Workers Compensation in North Carolina and the Coronavirus -The Law Offices of Jason E. Taylor, P.C.
Governor Roy Cooper issued a shelter-in-place rule for North Carolina, which went into effect on Monday, March 30, 2020, at 5 pm. This will force many businesses to close and workers to lose their jobs (even if temporarily).
Alongside the tremendous economic impact from closed businesses and people out of work, the Coronavirus has an unprecedented effect on North Carolina courts. The North Carolina Supreme Court Chief Justice recently issued an order setting out how the court system will operate during the current Coronavirus pandemic. This order significantly reduces courthouse activities, extends filing deadlines, and delays trials and hearings.
What about North Carolina workers’ compensation claims?
The Chief Justice’s recent order does not directly apply to the North Carolina Industrial Commission, the government agency which administers the North Carolina Workers’ Compensation Act. Fortunately, the North Carolina Industrial Commission, unlike North Carolina’s civil and criminal courts, was already utilizing technology that mitigates the impact of the Coronavirus.
Documents are already filed electronically for the most part, unlike the North Carolina court system, which is still working to implement such a system. Many motions are heard without in-person hearings, and telephonic hearings are conducted for some motions.
Overall, the North Carolina Industrial Commission is very prepared to have its employees work remotely, allowing reduced impact on injured workers who have claims. That said, there will be delays and disruptions for injured workers having their claims processed and decided by the North Carolina Industrial Commission.
The following is an overview of some key aspects of the workers’ compensation system and the impact the Coronavirus crisis will have upon them.
The North Carolina Industrial Commission has followed the lead of the North Carolina Court system in “bumping” all live hearings before a Deputy Commissioner out 30 days. The process for most hearings in the North Carolina workers’ compensation system is already a drawn-out affair, and Injured workers with denied claims, or partially denied claims who had hearings set before the end of April will have to wait yet additional time to get their cases heard. This will mean further delay in treatment and benefits for injured workers who do not have disability or health insurance outside of the North Carolina workers’ compensation system to use while waiting to have their cases heard.

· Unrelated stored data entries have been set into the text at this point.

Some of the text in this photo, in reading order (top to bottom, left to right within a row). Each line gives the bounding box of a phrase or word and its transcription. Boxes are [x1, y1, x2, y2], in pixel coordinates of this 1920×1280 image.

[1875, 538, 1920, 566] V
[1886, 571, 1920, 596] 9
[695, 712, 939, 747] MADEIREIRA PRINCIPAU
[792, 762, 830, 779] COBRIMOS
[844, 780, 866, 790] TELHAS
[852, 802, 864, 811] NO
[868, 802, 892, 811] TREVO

Medical motion hearings before a Deputy Commissioner will still be conducted at their currently scheduled date, but all will appear by telephone. However, such evidentiary hearings normally involve the parties taking doctors’ depositions, and there is no doubt scheduling and conducting these depositions will be problematic.
When an injured worker or an insurance company wants to appeal the decision of a Deputy Commissioner, those appeals are made initially to the Full Commission of the North Carolina Industrial Commission. Hearings for appeals are conducted with only the attorneys for each side making oral arguments to a panel of three Commissioners. For the time being, these will be conducted by telephone, so there should be no significant interruption in the ability of the Industrial Commission to get decisions out as normal after telephonic hearings are conducted.

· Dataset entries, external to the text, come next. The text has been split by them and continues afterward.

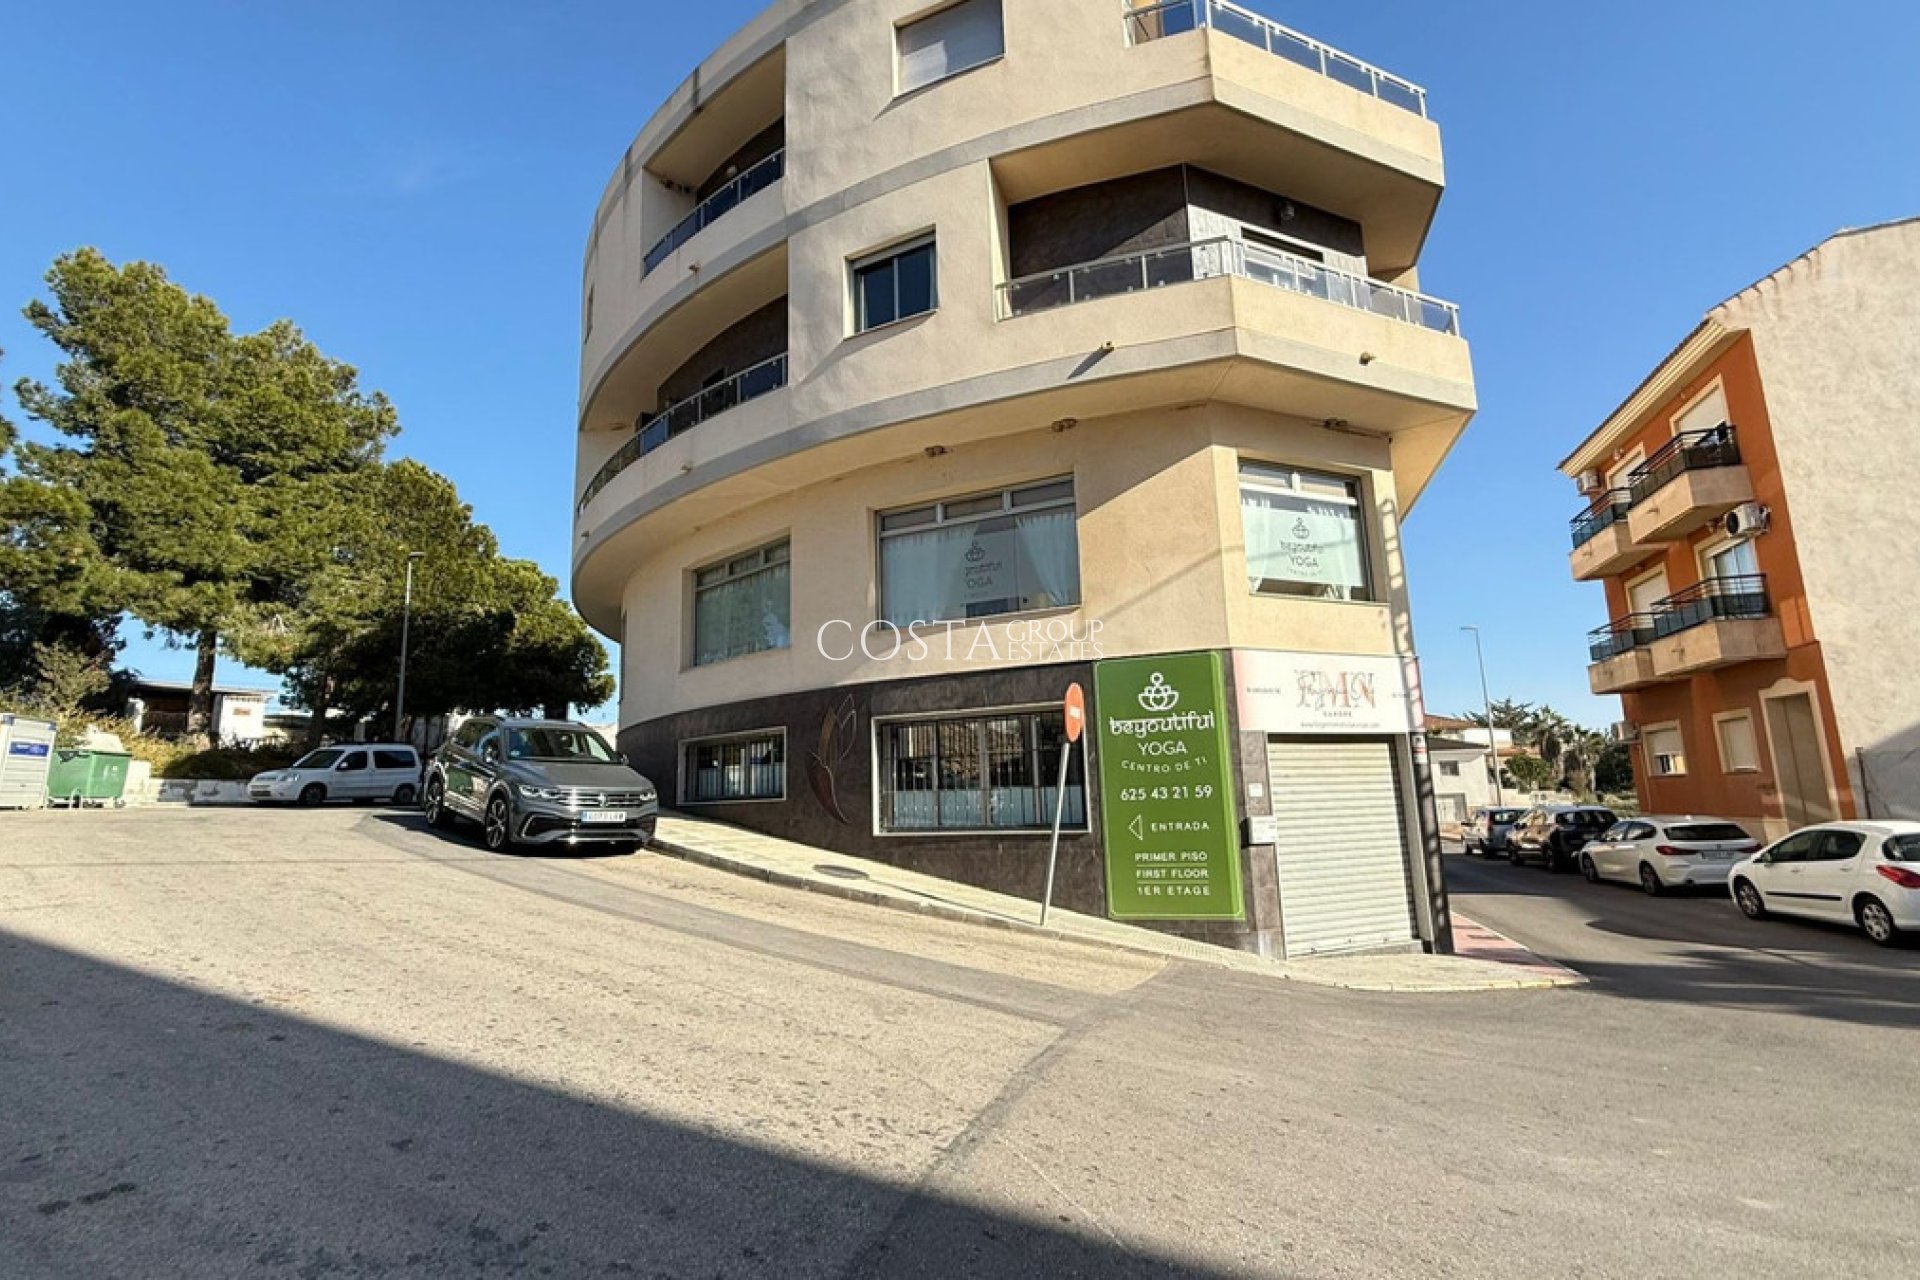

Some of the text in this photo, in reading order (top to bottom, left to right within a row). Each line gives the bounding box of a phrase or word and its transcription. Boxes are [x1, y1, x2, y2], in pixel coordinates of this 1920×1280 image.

[1109, 710, 1215, 739] beyoutiful
[1137, 740, 1189, 756] YOGA
[1121, 759, 1171, 773] CENTRO
[1175, 761, 1191, 772] DE
[1120, 784, 1213, 801] 625 43 21 59
[1151, 821, 1210, 832] ENTRADA
[1134, 851, 1208, 862] PRIMER PISO
[1136, 868, 1209, 878] FIRST FLOOR
[1167, 885, 1211, 896] ETAGE

When a party appeals from a decision of the Full Commission of the North Carolina Industrial Commission, they are made to the North Carolina Court of Appeals. Such appeals will be impacted by the Chief Justice’s order regarding filing deadlines and the operation of the court system.
Mediations involve the injured worker and the insurance company and employer having a conference to try to resolve any current disputes and possibly settle an injured worker’s claim completely. Fortunately, mediations can still go forward, as long as they are conducted by telephone and or video conference, and IF all parties agree. Currently, mediations for many North Carolina workers’ compensation cases are still be conducted remotely, and cases are being resolved.
Administrative motions and settlement approvals:
As the North Carolina Industrial Commissioner already required the parties to submit settlement agreements electronically via an online portal, review, and approval of the agreements continues as before. Injured workers who settle their claims do not need to worry that the Coronavirus will cause much of a delay in getting approval of their settlement.
As far as motions, most administrative and other motions which don’t involve a hearing can be filed as usual..To the extent that an injured worker needs to obtain evidence such as records needed for their motion or the hearing officer’s request, there may be some delays.
New workers’ compensation claims:
New workers’ compensation claims CAN be filed, and the North Carolina Industrial Commission is “open for business” as much as is possible.
The North Carolina workers’ compensation system is well equipped to handle the disruption from the Coronavirus pandemic, and many cases can still move forward. That said, injured workers will need to expect that there will be “hiccups” and delays as their cases move forward, even after the shelter at home and other restrictions due to the Coronavirus are removed. An experienced workers’ compensation attorney can help injured workers navigate the North Carolina workers’ compensation system and avoid or reduce as much as possible the impact of the Coronavirus on pursuing their claims.